Task requirements
For every line below, restate it exactly and drop the images.

Data extracts
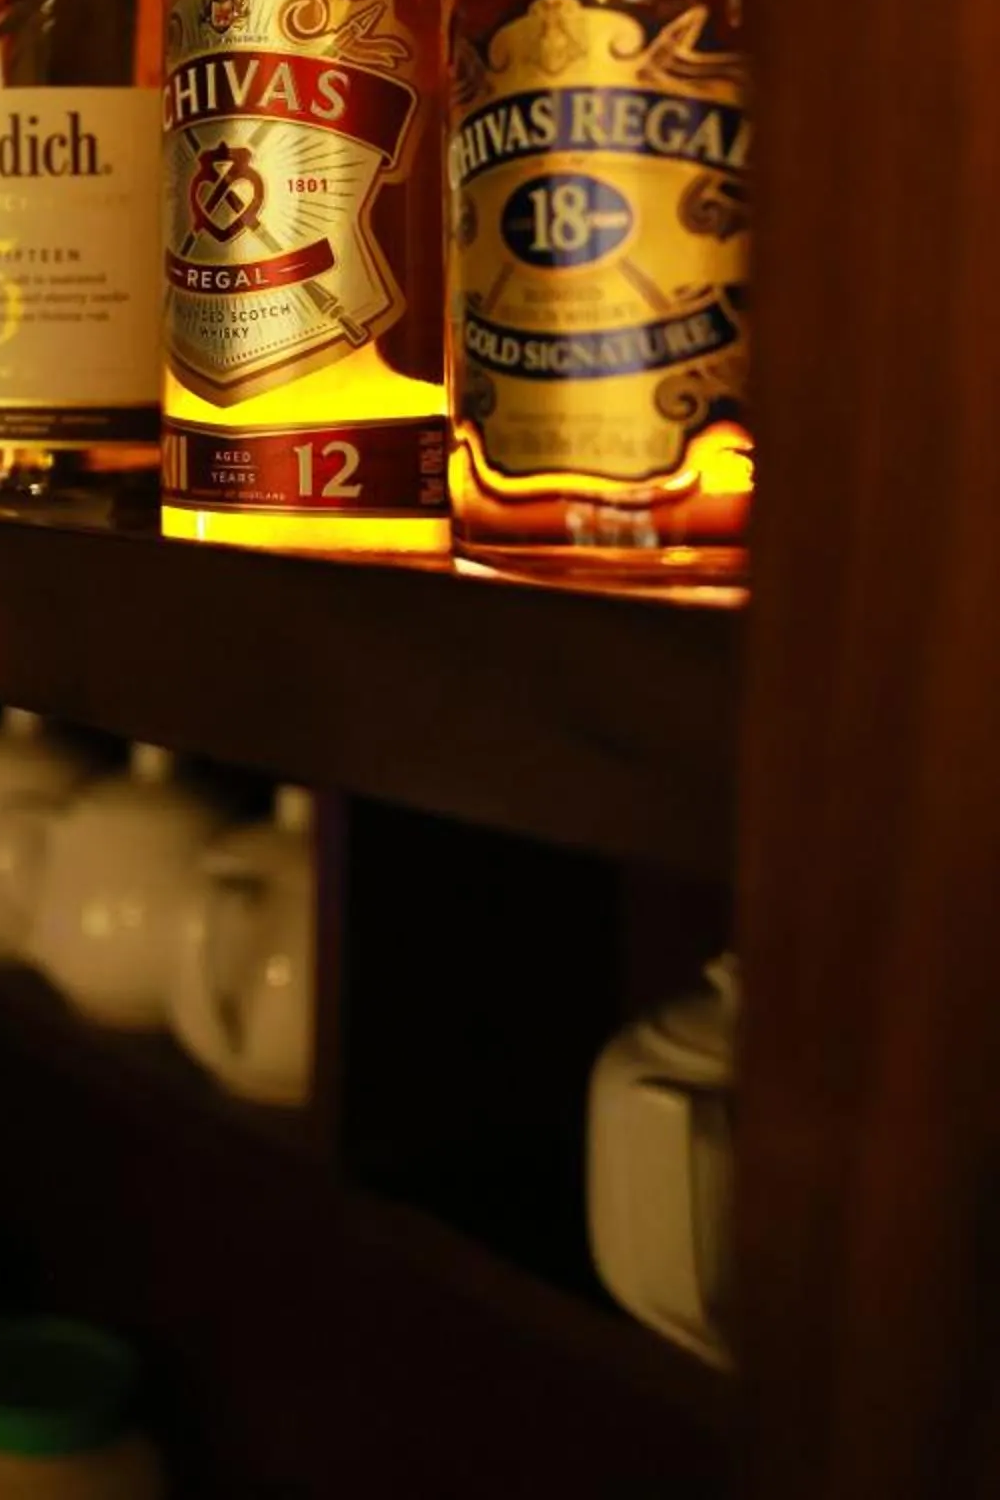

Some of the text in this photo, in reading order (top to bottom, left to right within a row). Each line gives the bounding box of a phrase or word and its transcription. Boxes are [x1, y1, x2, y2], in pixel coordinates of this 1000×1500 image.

[163, 58, 349, 132] CHIVAS
[287, 178, 328, 193] 1801
[528, 184, 590, 250] 18
[187, 267, 269, 290] REGAL
[231, 303, 291, 323] SCOTCH
[215, 450, 252, 463] AGED
[293, 440, 364, 498] 12

Result of the exercise
Some of the text in this photo, in reading order (top to bottom, left to right within a row). Each line gives the bounding box of a phrase or word and its transcription. Boxes are [x1, y1, x2, y2], in pixel coordinates of this 1000×1500 image.

[163, 58, 349, 132] CHIVAS
[287, 178, 328, 193] 1801
[528, 184, 590, 250] 18
[187, 267, 269, 290] REGAL
[231, 303, 291, 323] SCOTCH
[215, 450, 252, 463] AGED
[293, 440, 364, 498] 12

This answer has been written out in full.